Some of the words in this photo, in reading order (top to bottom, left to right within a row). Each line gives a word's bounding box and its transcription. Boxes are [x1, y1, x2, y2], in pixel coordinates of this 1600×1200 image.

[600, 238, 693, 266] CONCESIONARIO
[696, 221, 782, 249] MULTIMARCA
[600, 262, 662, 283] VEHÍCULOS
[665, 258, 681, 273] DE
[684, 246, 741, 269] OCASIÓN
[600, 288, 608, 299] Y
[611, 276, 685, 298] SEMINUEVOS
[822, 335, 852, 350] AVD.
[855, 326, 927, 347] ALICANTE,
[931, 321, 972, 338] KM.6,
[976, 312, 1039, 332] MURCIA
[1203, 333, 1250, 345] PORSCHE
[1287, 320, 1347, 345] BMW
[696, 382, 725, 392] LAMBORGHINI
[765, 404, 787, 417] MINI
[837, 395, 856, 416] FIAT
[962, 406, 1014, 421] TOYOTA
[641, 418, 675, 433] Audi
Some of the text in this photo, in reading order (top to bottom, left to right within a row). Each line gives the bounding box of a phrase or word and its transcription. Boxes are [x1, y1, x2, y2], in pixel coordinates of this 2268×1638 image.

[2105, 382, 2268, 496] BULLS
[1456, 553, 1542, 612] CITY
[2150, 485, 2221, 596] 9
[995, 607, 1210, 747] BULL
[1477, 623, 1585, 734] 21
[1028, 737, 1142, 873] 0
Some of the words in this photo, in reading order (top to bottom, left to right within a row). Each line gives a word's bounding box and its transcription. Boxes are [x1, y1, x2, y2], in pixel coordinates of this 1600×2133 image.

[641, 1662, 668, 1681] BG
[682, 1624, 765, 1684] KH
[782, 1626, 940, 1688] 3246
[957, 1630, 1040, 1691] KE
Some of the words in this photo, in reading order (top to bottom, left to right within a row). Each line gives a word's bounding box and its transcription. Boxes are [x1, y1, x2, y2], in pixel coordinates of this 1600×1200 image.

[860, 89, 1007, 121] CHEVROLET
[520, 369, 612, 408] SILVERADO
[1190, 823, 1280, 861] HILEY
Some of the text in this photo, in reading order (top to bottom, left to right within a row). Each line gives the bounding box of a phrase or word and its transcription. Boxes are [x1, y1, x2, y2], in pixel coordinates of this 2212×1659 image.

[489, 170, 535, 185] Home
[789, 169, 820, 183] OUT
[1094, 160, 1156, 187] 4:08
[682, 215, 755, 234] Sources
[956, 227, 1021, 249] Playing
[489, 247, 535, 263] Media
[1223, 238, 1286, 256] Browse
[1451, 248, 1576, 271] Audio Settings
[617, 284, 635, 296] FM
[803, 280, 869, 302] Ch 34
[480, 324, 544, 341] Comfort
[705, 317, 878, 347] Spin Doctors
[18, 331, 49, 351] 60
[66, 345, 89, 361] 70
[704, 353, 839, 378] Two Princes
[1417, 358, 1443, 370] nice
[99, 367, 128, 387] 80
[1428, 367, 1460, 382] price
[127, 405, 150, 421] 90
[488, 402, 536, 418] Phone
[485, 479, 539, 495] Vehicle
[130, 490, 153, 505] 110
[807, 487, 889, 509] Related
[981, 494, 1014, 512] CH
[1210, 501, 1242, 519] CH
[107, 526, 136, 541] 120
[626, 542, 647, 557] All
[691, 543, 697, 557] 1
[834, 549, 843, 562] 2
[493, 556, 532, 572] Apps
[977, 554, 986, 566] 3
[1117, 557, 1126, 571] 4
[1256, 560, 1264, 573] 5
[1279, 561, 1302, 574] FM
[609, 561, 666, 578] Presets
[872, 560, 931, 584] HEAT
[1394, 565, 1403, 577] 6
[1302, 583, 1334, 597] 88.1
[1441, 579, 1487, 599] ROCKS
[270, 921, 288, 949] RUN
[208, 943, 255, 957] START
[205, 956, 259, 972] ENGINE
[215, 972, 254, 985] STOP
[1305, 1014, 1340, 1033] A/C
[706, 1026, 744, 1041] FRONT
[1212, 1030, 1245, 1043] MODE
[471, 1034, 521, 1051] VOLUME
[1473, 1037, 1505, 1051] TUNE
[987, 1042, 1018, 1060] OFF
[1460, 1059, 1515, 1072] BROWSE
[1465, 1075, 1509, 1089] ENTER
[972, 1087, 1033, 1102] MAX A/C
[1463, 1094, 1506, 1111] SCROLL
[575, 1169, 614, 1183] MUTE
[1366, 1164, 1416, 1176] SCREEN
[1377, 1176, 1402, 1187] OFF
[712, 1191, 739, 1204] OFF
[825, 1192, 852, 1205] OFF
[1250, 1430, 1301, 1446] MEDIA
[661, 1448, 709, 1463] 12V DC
━━━
> _About this exercise_: Please output the entire listing exactly as it stands.

> _Exercise answer_:
Some of the words in this photo, in reading order (top to bottom, left to right within a row). Each line gives a word's bounding box and its transcription. Boxes are [x1, y1, x2, y2], in pixel coordinates of this 1600×1200 image.

[600, 238, 693, 266] CONCESIONARIO
[696, 221, 782, 249] MULTIMARCA
[600, 262, 662, 283] VEHÍCULOS
[665, 258, 681, 273] DE
[684, 246, 741, 269] OCASIÓN
[600, 288, 608, 299] Y
[611, 276, 685, 298] SEMINUEVOS
[822, 335, 852, 350] AVD.
[855, 326, 927, 347] ALICANTE,
[931, 321, 972, 338] KM.6,
[976, 312, 1039, 332] MURCIA
[1203, 333, 1250, 345] PORSCHE
[1287, 320, 1347, 345] BMW
[696, 382, 725, 392] LAMBORGHINI
[765, 404, 787, 417] MINI
[837, 395, 856, 416] FIAT
[962, 406, 1014, 421] TOYOTA
[641, 418, 675, 433] Audi
Some of the text in this photo, in reading order (top to bottom, left to right within a row). Each line gives the bounding box of a phrase or word and its transcription. Boxes are [x1, y1, x2, y2], in pixel coordinates of this 2268×1638 image.

[2105, 382, 2268, 496] BULLS
[1456, 553, 1542, 612] CITY
[2150, 485, 2221, 596] 9
[995, 607, 1210, 747] BULL
[1477, 623, 1585, 734] 21
[1028, 737, 1142, 873] 0
Some of the words in this photo, in reading order (top to bottom, left to right within a row). Each line gives a word's bounding box and its transcription. Boxes are [x1, y1, x2, y2], in pixel coordinates of this 1600×2133 image.

[641, 1662, 668, 1681] BG
[682, 1624, 765, 1684] KH
[782, 1626, 940, 1688] 3246
[957, 1630, 1040, 1691] KE
Some of the words in this photo, in reading order (top to bottom, left to right within a row). Each line gives a word's bounding box and its transcription. Boxes are [x1, y1, x2, y2], in pixel coordinates of this 1600×1200 image.

[860, 89, 1007, 121] CHEVROLET
[520, 369, 612, 408] SILVERADO
[1190, 823, 1280, 861] HILEY
Some of the text in this photo, in reading order (top to bottom, left to right within a row). Each line gives the bounding box of a phrase or word and its transcription. Boxes are [x1, y1, x2, y2], in pixel coordinates of this 2212×1659 image.

[489, 170, 535, 185] Home
[789, 169, 820, 183] OUT
[1094, 160, 1156, 187] 4:08
[682, 215, 755, 234] Sources
[956, 227, 1021, 249] Playing
[489, 247, 535, 263] Media
[1223, 238, 1286, 256] Browse
[1451, 248, 1576, 271] Audio Settings
[617, 284, 635, 296] FM
[803, 280, 869, 302] Ch 34
[480, 324, 544, 341] Comfort
[705, 317, 878, 347] Spin Doctors
[18, 331, 49, 351] 60
[66, 345, 89, 361] 70
[704, 353, 839, 378] Two Princes
[1417, 358, 1443, 370] nice
[99, 367, 128, 387] 80
[1428, 367, 1460, 382] price
[127, 405, 150, 421] 90
[488, 402, 536, 418] Phone
[485, 479, 539, 495] Vehicle
[130, 490, 153, 505] 110
[807, 487, 889, 509] Related
[981, 494, 1014, 512] CH
[1210, 501, 1242, 519] CH
[107, 526, 136, 541] 120
[626, 542, 647, 557] All
[691, 543, 697, 557] 1
[834, 549, 843, 562] 2
[493, 556, 532, 572] Apps
[977, 554, 986, 566] 3
[1117, 557, 1126, 571] 4
[1256, 560, 1264, 573] 5
[1279, 561, 1302, 574] FM
[609, 561, 666, 578] Presets
[872, 560, 931, 584] HEAT
[1394, 565, 1403, 577] 6
[1302, 583, 1334, 597] 88.1
[1441, 579, 1487, 599] ROCKS
[270, 921, 288, 949] RUN
[208, 943, 255, 957] START
[205, 956, 259, 972] ENGINE
[215, 972, 254, 985] STOP
[1305, 1014, 1340, 1033] A/C
[706, 1026, 744, 1041] FRONT
[1212, 1030, 1245, 1043] MODE
[471, 1034, 521, 1051] VOLUME
[1473, 1037, 1505, 1051] TUNE
[987, 1042, 1018, 1060] OFF
[1460, 1059, 1515, 1072] BROWSE
[1465, 1075, 1509, 1089] ENTER
[972, 1087, 1033, 1102] MAX A/C
[1463, 1094, 1506, 1111] SCROLL
[575, 1169, 614, 1183] MUTE
[1366, 1164, 1416, 1176] SCREEN
[1377, 1176, 1402, 1187] OFF
[712, 1191, 739, 1204] OFF
[825, 1192, 852, 1205] OFF
[1250, 1430, 1301, 1446] MEDIA
[661, 1448, 709, 1463] 12V DC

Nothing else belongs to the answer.